The plot, camouflaged as Akhtar’s autobiography and heavily deformed with numerous distortions of real-life events, takes place roughly between the World Trade Center attacks and Donald Trump’s first term in the presidential office. This period, spanning almost two decades, brings drastic political change. The story America spins about itself and its role in the world has been rewritten. The author also redefines the place his country offers – and the place it refuses – to its citizens, especially those with names that are difficult to pronounce and whose skin colour is not white.

Akhtar registers those changes in detail, presenting them in precisely-drafted scenes of meetings and conversations. When his character (also serving as Akhtar’s literary alter-ego) was still at university, he began applying the method designed by the French psychoanalyst Jacques Lacan. He would go to sleep with a pencil tied to his hand, in order write down his dreams immediately after waking up. The main character, however, expands this method and also begins precisely noting everything that happens to him on any given day each evening. He does it meticulously, with devotion, desperately wanting to remember and preserve the fading world that has shaped him.

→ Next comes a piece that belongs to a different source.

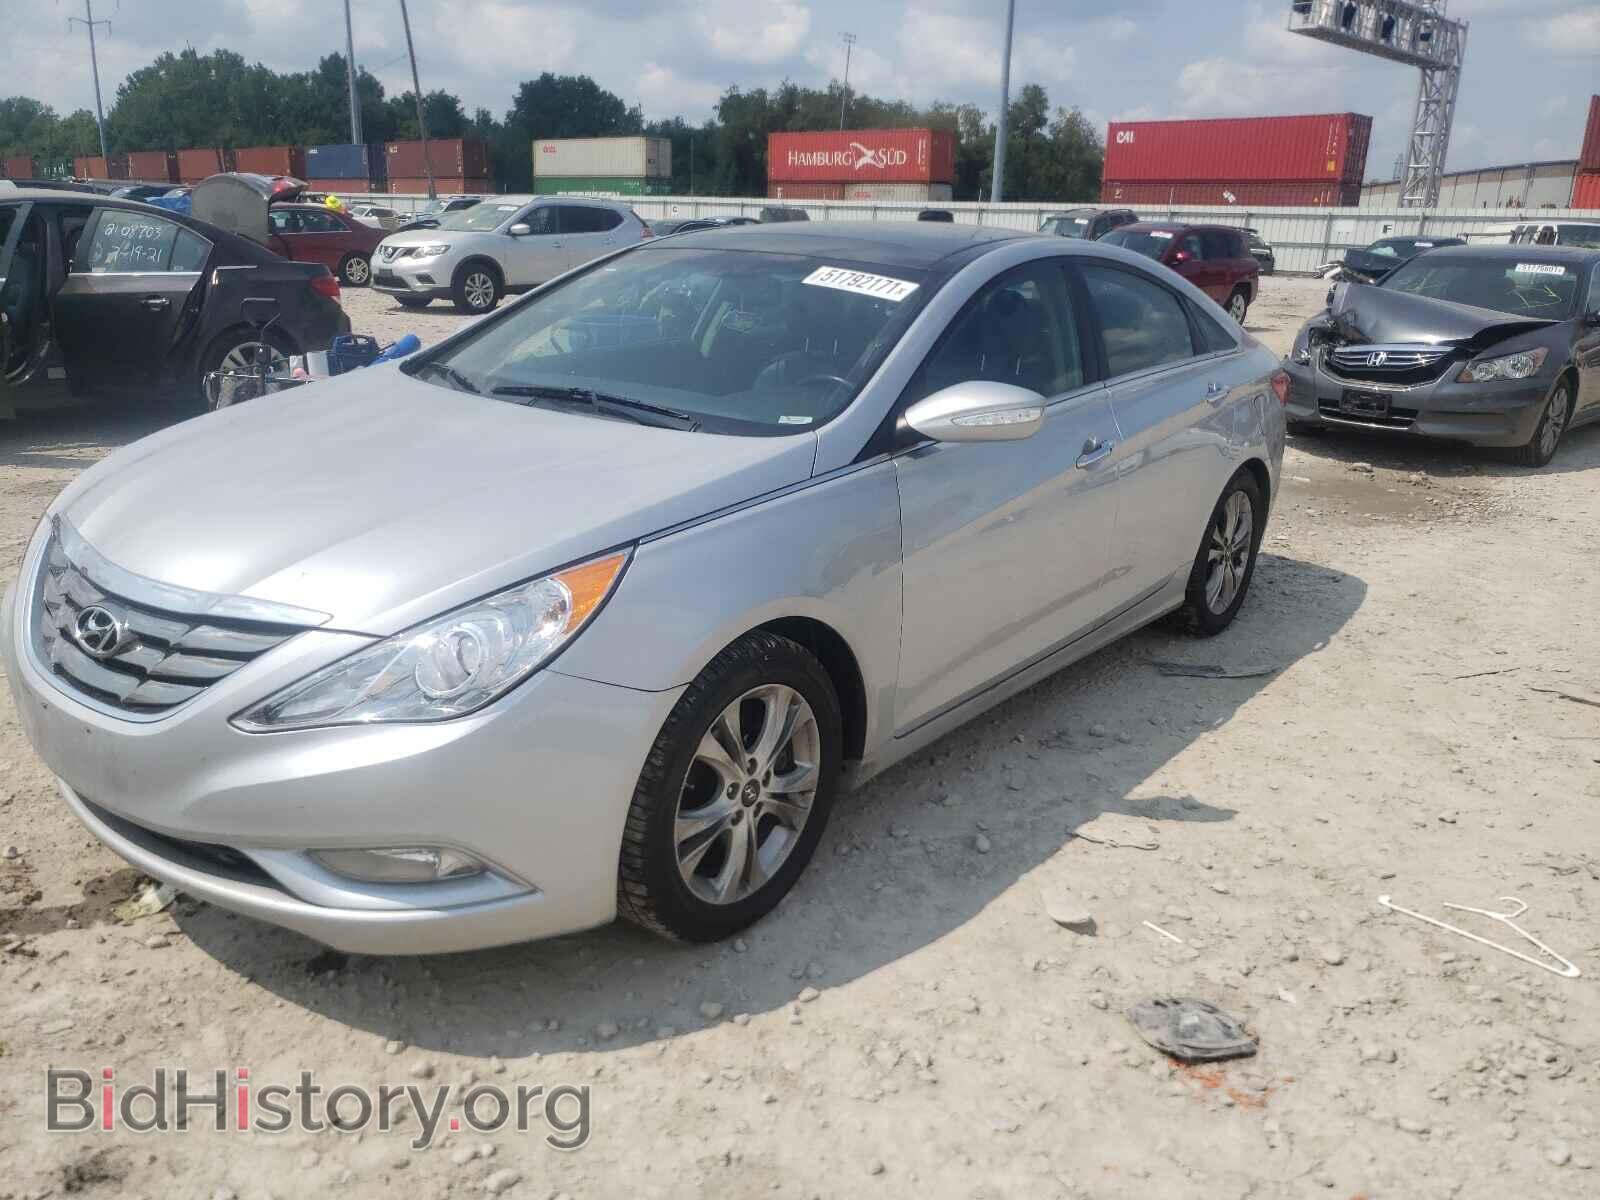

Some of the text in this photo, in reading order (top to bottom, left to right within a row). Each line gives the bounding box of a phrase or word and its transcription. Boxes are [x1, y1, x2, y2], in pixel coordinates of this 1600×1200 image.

[1116, 131, 1135, 144] CAI
[788, 150, 852, 166] HAMBURG
[879, 147, 907, 166] SÜD

Suppose you’re wondering what happened to America and how on Earth it managed to go from the multiethnic ideals of the United Colors of Benetton campaign to the Trumpian fake-politics show of populism and discrimination. Akhtar takes you on a trip across episodes in which, like a cardiologist patiently comparing ECG diagrams, he extracts those minute twitches and creases that contain the answers we seek. He does it by describing his various encounters; for example, one from 9th September 2001. Seeing the reports of the moment when a plane hit the second tower, the main character feels an overwhelming need to be closer to what just happened. He walks down the streets of Manhattan, experiencing the new kind of stares following him; stares heavy with accusations and fear. He also catches himself thinking that the act of violence was committed by people whom he – a descendant of Pakistani immigrants, a non-believing and non-practising Muslim – reflexively refers to as ‘us’. He joins a spontaneously-formed queue for blood donations when he falls victim to an assault. Realizing that he is now perceived as ‘one of them’ – meaning a terrorist – he experiences a new kind of primal fear for the first time in his life; his trousers soak up warm urine. This moment foreshadows a shift in mentality.

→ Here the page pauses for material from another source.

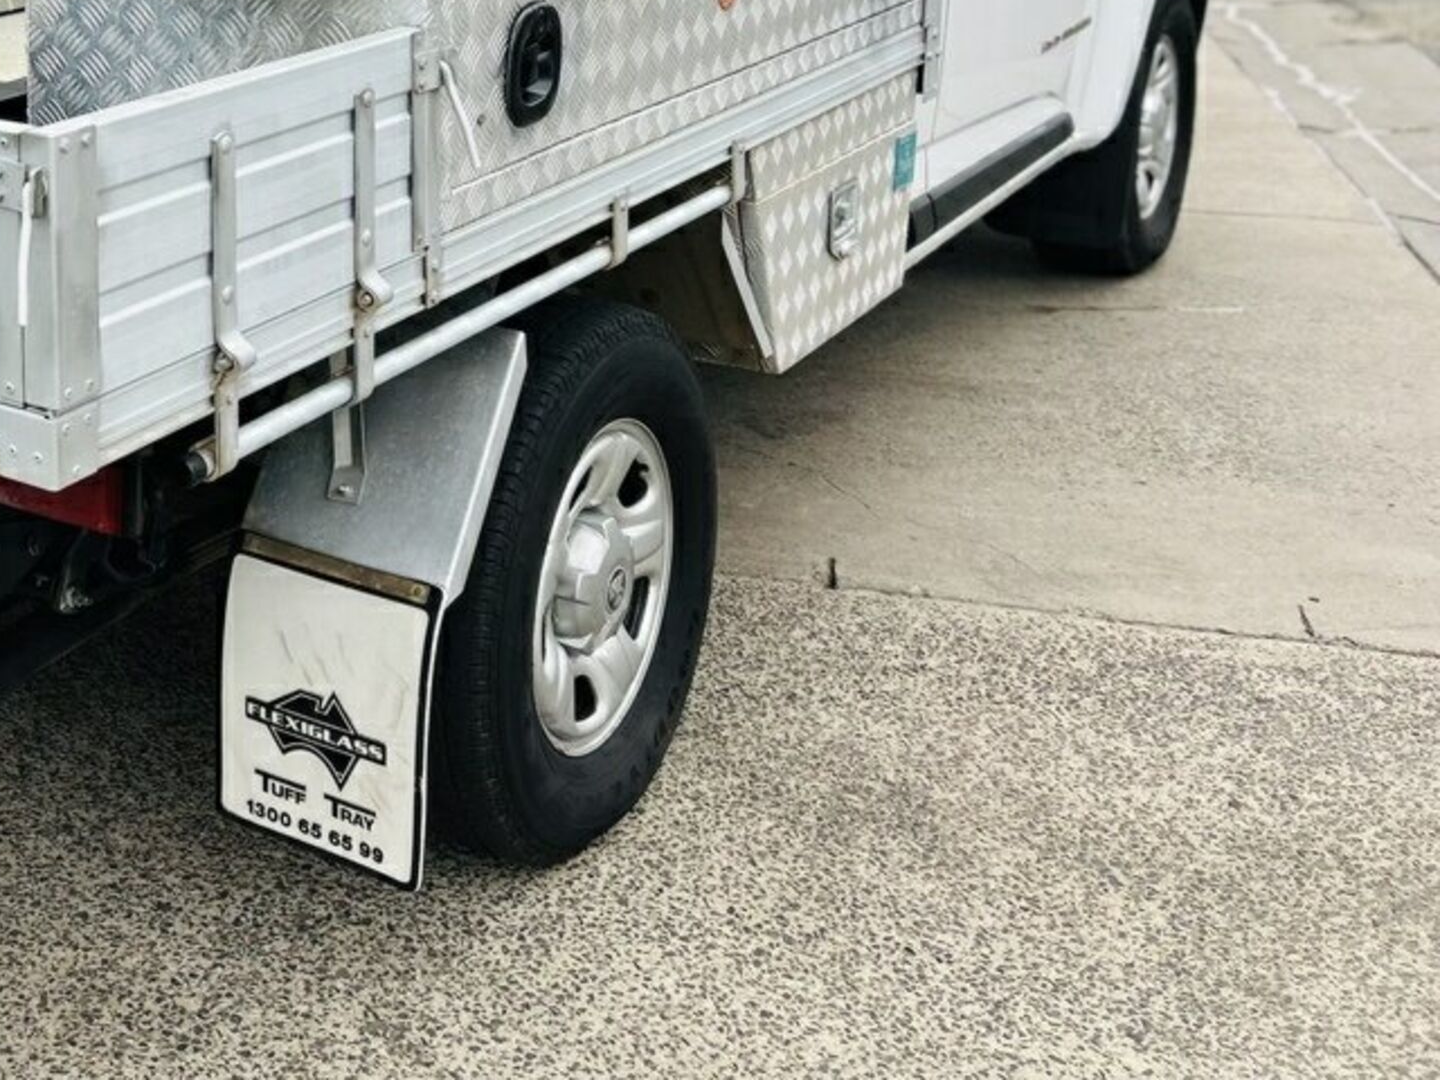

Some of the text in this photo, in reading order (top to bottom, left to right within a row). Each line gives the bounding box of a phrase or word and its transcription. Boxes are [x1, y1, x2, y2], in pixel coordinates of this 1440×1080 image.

Several years later, when travelling across a state road, he will be stopped by a young, white policeman who notices the writer’s car has a faulty radiator. He recommends a garage nearby, and while they wait for a car carrier, he asks a few questions. About his ‘strange-sounding’ surname, his parents’ country of origin, his place of birth. It turns out that the garage is run by the policeman’s uncle, who takes such thorough care of the vehicle that covering the bill forces the man into debt. The author swallows the thinly-veiled humiliation heftily priced at $1600 and goes on.

Muslims and their descendants aren’t only the victims here – Akhtar shows how they contribute to the landscape of omnipresent tension. In the theatre, where his new play is being rehearsed, the narrator meets an ultra-wealthy American Muslim who has decided to fight racism with its sharpest sword: money. For a short but very prosperous moment, Akhtar finds himself in the circle of an immigrant-based financial elite who, perversely, take their revenge with money and generosity. They build up their fortunes and positions by employing the white-people methods: cynical stock-market gambles and prominent charity donations. This way, they insure themselves against any harm in the country that loves nothing as genuinely as it loves money.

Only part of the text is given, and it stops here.